TITLE: Joint modelling of Longitudinal and Time-to-event data

We are pleased to invite applications for a fully funded 3-year PhD studentship at the University of Liverpool. A description of the project entitled “Joint modelling of Longitudinal and Time-to-event data”  which is jointly supervised by Prof. Paula Williamson (Biostatistics), Dr. Ruwanthi Kolamunnage-Dona (Biostatistics) and Dr. Enitan Carrol (Paediatric Infectious Diseases) is given below.

The studentship is available to applicants from the UK and the EU, with a background in statistics and experience in data analysis, and includes a stipend of £13,500-£14,500 pa and annual tuition fees at the UK rate for up to 3 years.
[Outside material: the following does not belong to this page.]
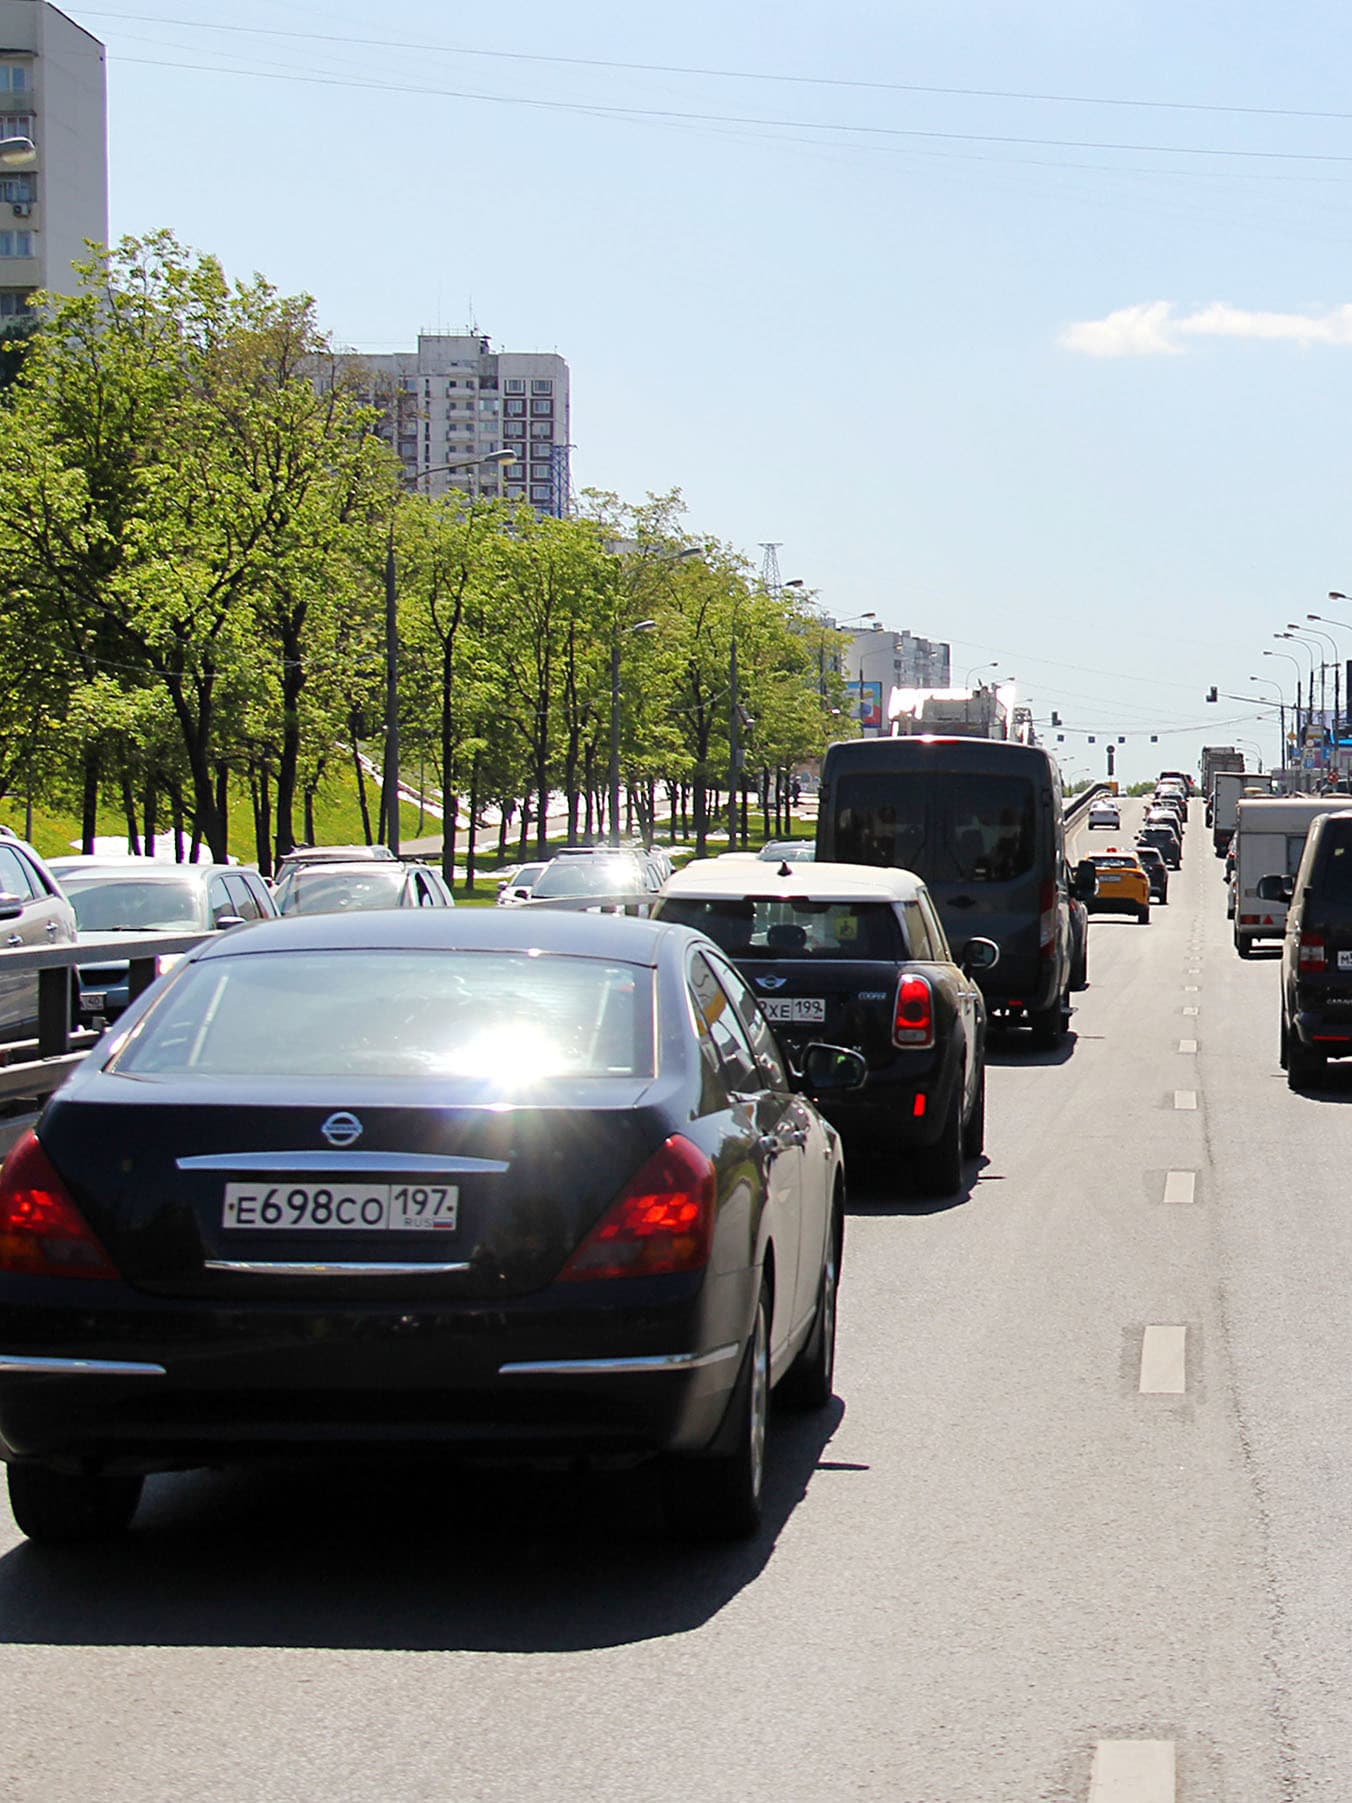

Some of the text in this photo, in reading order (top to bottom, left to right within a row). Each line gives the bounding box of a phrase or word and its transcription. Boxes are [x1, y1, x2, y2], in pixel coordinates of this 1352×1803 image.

The CLOSING DATE is 01 August, 2011. Candidates should send a CV with covering letter to Dr. Ruwanthi Kolamunnage-Dona (kdrr@liv.ac.uk).

For information about related research within the department please visit http://www.liv.ac.uk/joine-r/. More information about the Department of Biostatistics can be found at http://www.liv.ac.uk/medstats/.

DESCRIPTION:  Joint modelling of Longitudinal and Time-to-event data

The aim of this study is to implement statistical methodologies accounting for timing of clinically important events (eg. disease onset) as well as informative patient dropout to assess the outcomes of patients followed longitudinally. It is now common for longitudinal data to be available alongside event history data in clinical trials and observational studies. A major difficulty is how best to merge information from the two sources. Analysis of the incomplete longitudinal data poses additional challenges especially if patient dropout is nonignorable or informative, as the reasons for dropout are varied over studies and it is often difficult to justify the assumption of missing completely at random. Joint modelling of combined longitudinal measurements and event time data are currently both under-developed and under-used in clinical research. Naive treatment of longitudinal measurements as a time-dependent covariate in event time studies, or failure to recognise selection effects in longitudinal data analyses caused by differential follow-up times, can both lead to significant errors. Case studies including observational studies of longitudinal biomarkers in early diagnosis and prognosis of sepsis (and other related infections) will be used to implement methodologies, and informative dropout are characterised and described through data from several paediatric clinical trials.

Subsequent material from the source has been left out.